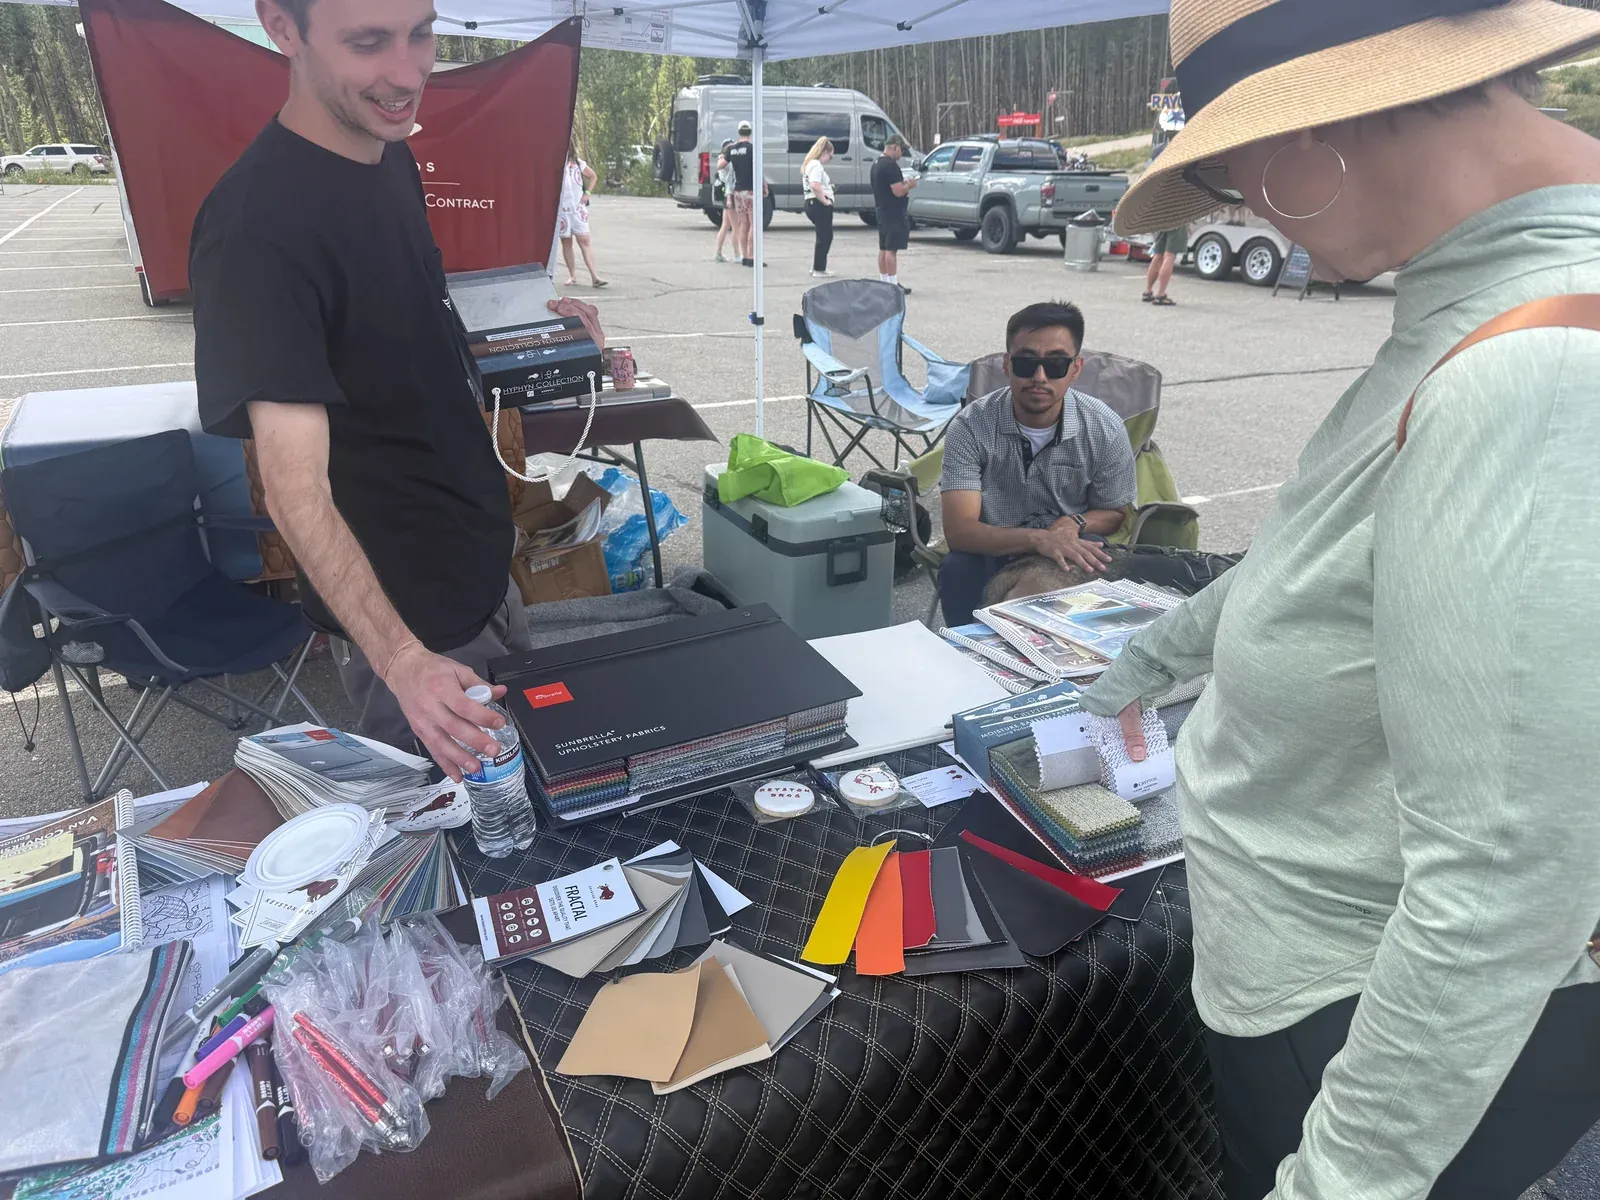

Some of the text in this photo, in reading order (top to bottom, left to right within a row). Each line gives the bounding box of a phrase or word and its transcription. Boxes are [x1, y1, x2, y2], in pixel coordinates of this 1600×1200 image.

[503, 384, 535, 396] HYPHYN
[535, 375, 584, 389] COLLECTION
[558, 725, 666, 756] UPHOLSTERY FABRICS
[981, 723, 1018, 738] MOISTURE
[69, 815, 98, 830] VAN
[551, 885, 562, 902] DISCOVER
[558, 907, 568, 923] QUALITY
[563, 921, 571, 932] THAT
[564, 883, 588, 922] FRACTAL
[552, 911, 561, 923] APART

------------------------

**REQUIRED WORK**
The result should be a precise copy of all the entries, free of pictures.

**EXPECTED ANSWER**
Some of the text in this photo, in reading order (top to bottom, left to right within a row). Each line gives the bounding box of a phrase or word and its transcription. Boxes are [x1, y1, x2, y2], in pixel coordinates of this 1600×1200 image.

[503, 384, 535, 396] HYPHYN
[535, 375, 584, 389] COLLECTION
[558, 725, 666, 756] UPHOLSTERY FABRICS
[981, 723, 1018, 738] MOISTURE
[69, 815, 98, 830] VAN
[551, 885, 562, 902] DISCOVER
[558, 907, 568, 923] QUALITY
[563, 921, 571, 932] THAT
[564, 883, 588, 922] FRACTAL
[552, 911, 561, 923] APART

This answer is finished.